__EXERCISE OBJECTIVE__: A complete, exact copy of the data is the required answer.

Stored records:

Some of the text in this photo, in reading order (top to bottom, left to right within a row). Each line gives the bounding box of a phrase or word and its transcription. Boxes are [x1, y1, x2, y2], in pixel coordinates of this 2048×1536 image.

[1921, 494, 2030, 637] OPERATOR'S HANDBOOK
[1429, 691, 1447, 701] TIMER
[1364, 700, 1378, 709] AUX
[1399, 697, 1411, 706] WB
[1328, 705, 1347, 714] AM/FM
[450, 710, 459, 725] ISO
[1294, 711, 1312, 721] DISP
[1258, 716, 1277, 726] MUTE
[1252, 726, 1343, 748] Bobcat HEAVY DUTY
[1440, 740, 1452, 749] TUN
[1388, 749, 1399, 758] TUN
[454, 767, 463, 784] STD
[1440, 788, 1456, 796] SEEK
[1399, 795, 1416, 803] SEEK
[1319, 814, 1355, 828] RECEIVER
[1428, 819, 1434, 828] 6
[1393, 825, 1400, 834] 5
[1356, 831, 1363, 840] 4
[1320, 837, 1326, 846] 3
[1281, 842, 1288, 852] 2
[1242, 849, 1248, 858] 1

__RESULT FOR THIS TASK__:
Some of the text in this photo, in reading order (top to bottom, left to right within a row). Each line gives the bounding box of a phrase or word and its transcription. Boxes are [x1, y1, x2, y2], in pixel coordinates of this 2048×1536 image.

[1921, 494, 2030, 637] OPERATOR'S HANDBOOK
[1429, 691, 1447, 701] TIMER
[1364, 700, 1378, 709] AUX
[1399, 697, 1411, 706] WB
[1328, 705, 1347, 714] AM/FM
[450, 710, 459, 725] ISO
[1294, 711, 1312, 721] DISP
[1258, 716, 1277, 726] MUTE
[1252, 726, 1343, 748] Bobcat HEAVY DUTY
[1440, 740, 1452, 749] TUN
[1388, 749, 1399, 758] TUN
[454, 767, 463, 784] STD
[1440, 788, 1456, 796] SEEK
[1399, 795, 1416, 803] SEEK
[1319, 814, 1355, 828] RECEIVER
[1428, 819, 1434, 828] 6
[1393, 825, 1400, 834] 5
[1356, 831, 1363, 840] 4
[1320, 837, 1326, 846] 3
[1281, 842, 1288, 852] 2
[1242, 849, 1248, 858] 1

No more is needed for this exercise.